**PROBLEM DESCRIPTION**.
Transcribe the entries below exactly; leave every image out.

**EXTRACTED INFORMATION**.

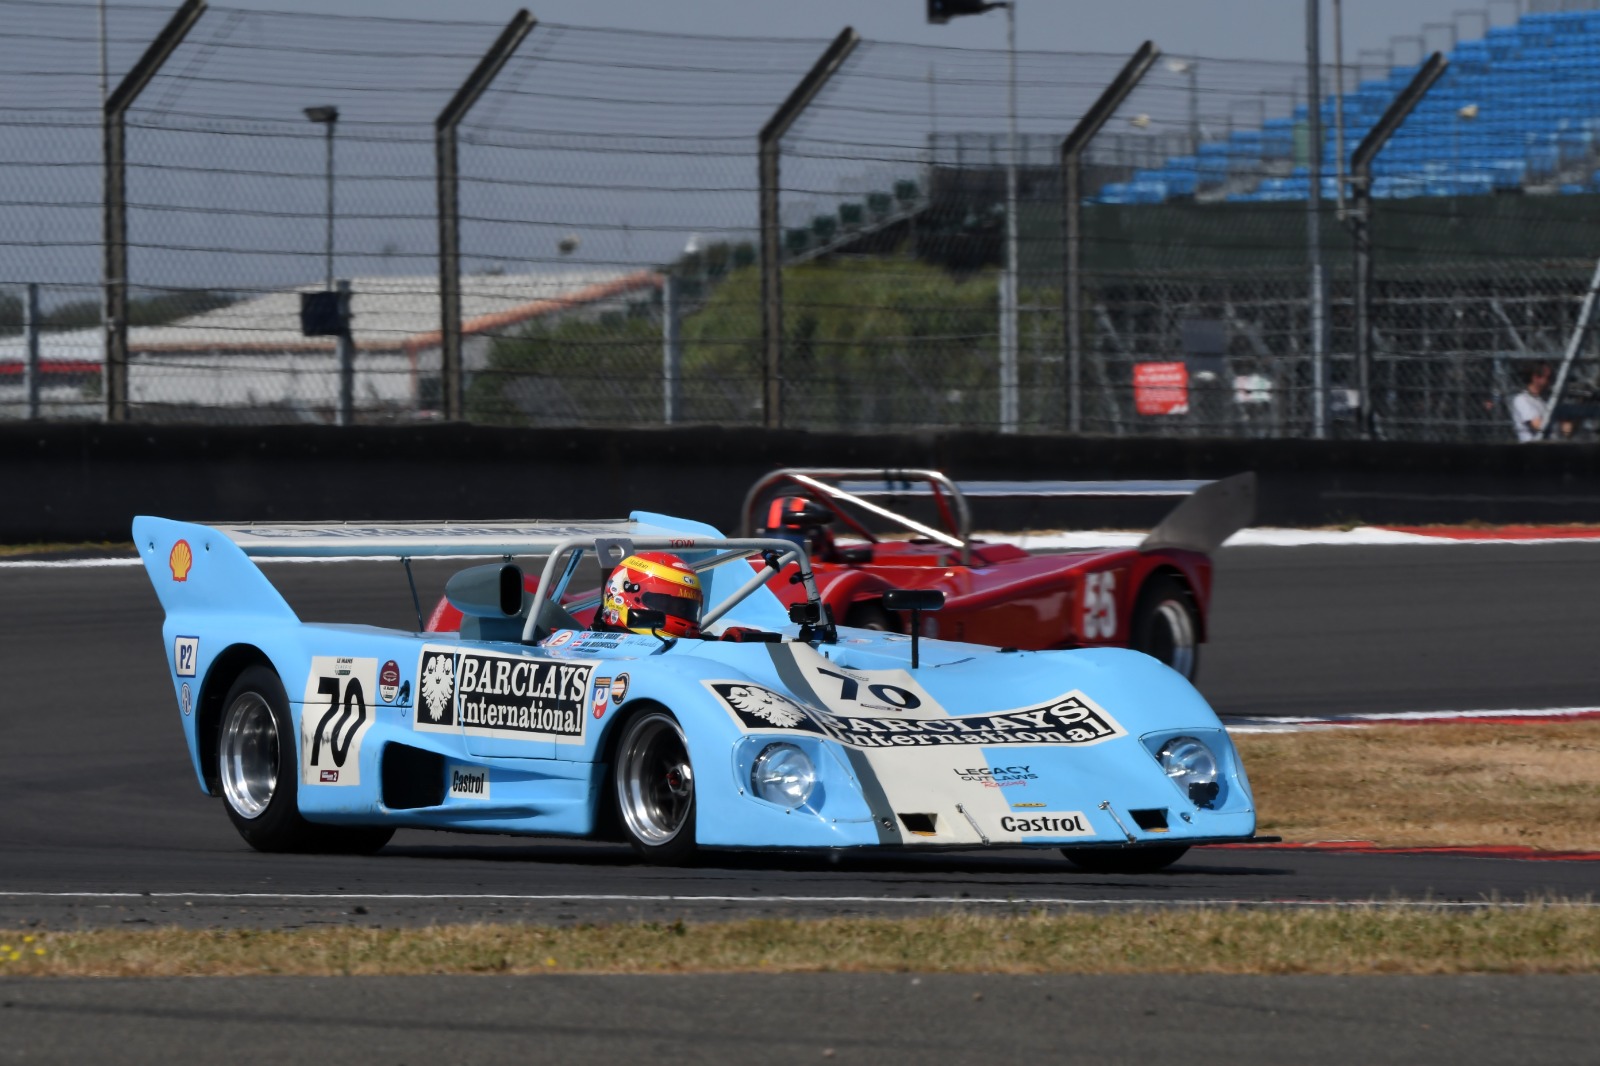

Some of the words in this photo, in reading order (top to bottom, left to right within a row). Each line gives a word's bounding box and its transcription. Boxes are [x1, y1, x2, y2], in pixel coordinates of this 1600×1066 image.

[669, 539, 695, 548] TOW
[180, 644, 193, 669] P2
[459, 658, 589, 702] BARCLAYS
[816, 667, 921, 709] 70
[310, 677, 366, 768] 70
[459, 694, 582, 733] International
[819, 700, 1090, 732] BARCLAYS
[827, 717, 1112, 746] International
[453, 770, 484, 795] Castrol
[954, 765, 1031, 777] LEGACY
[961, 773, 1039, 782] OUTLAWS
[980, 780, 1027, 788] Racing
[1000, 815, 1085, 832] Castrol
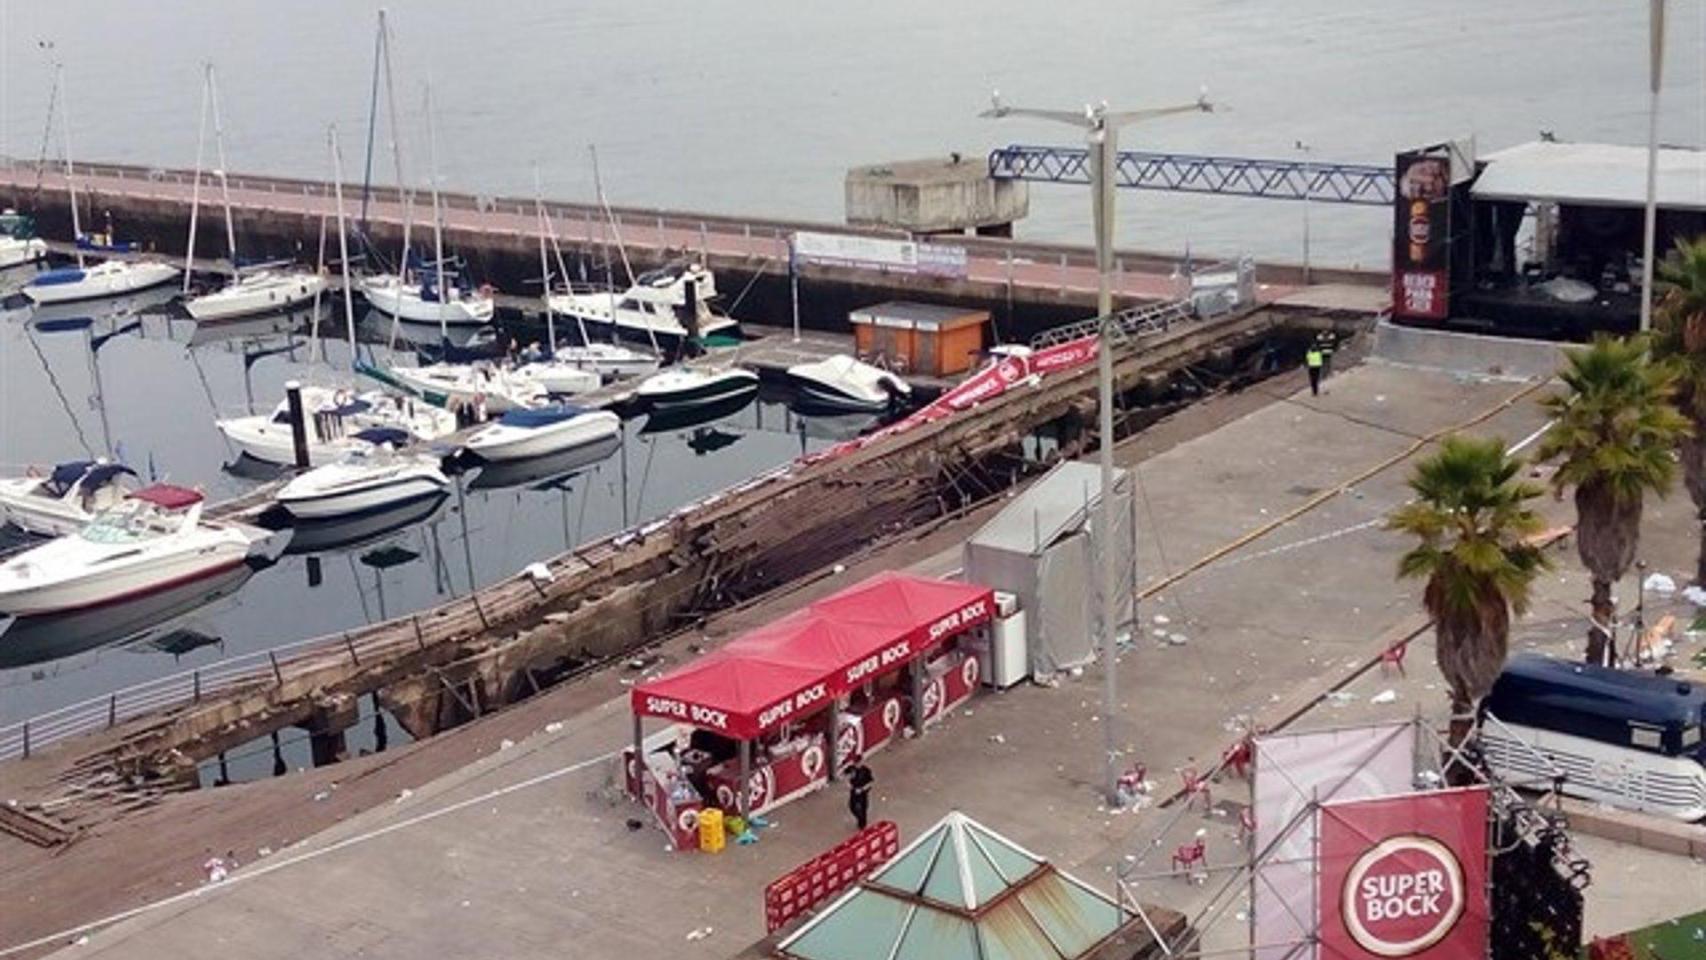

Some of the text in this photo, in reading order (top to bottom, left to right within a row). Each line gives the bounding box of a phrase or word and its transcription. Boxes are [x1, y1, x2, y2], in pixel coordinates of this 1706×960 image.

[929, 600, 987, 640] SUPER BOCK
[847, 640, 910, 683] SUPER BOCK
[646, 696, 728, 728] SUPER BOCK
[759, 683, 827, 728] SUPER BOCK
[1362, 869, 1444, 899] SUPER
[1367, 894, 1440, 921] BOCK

**TASK ANSWER**.
Some of the words in this photo, in reading order (top to bottom, left to right within a row). Each line gives a word's bounding box and its transcription. Boxes are [x1, y1, x2, y2], in pixel coordinates of this 1600×1066 image.

[669, 539, 695, 548] TOW
[180, 644, 193, 669] P2
[459, 658, 589, 702] BARCLAYS
[816, 667, 921, 709] 70
[310, 677, 366, 768] 70
[459, 694, 582, 733] International
[819, 700, 1090, 732] BARCLAYS
[827, 717, 1112, 746] International
[453, 770, 484, 795] Castrol
[954, 765, 1031, 777] LEGACY
[961, 773, 1039, 782] OUTLAWS
[980, 780, 1027, 788] Racing
[1000, 815, 1085, 832] Castrol

Some of the text in this photo, in reading order (top to bottom, left to right within a row). Each line gives the bounding box of a phrase or word and its transcription. Boxes are [x1, y1, x2, y2], in pixel coordinates of this 1706×960 image.

[929, 600, 987, 640] SUPER BOCK
[847, 640, 910, 683] SUPER BOCK
[646, 696, 728, 728] SUPER BOCK
[759, 683, 827, 728] SUPER BOCK
[1362, 869, 1444, 899] SUPER
[1367, 894, 1440, 921] BOCK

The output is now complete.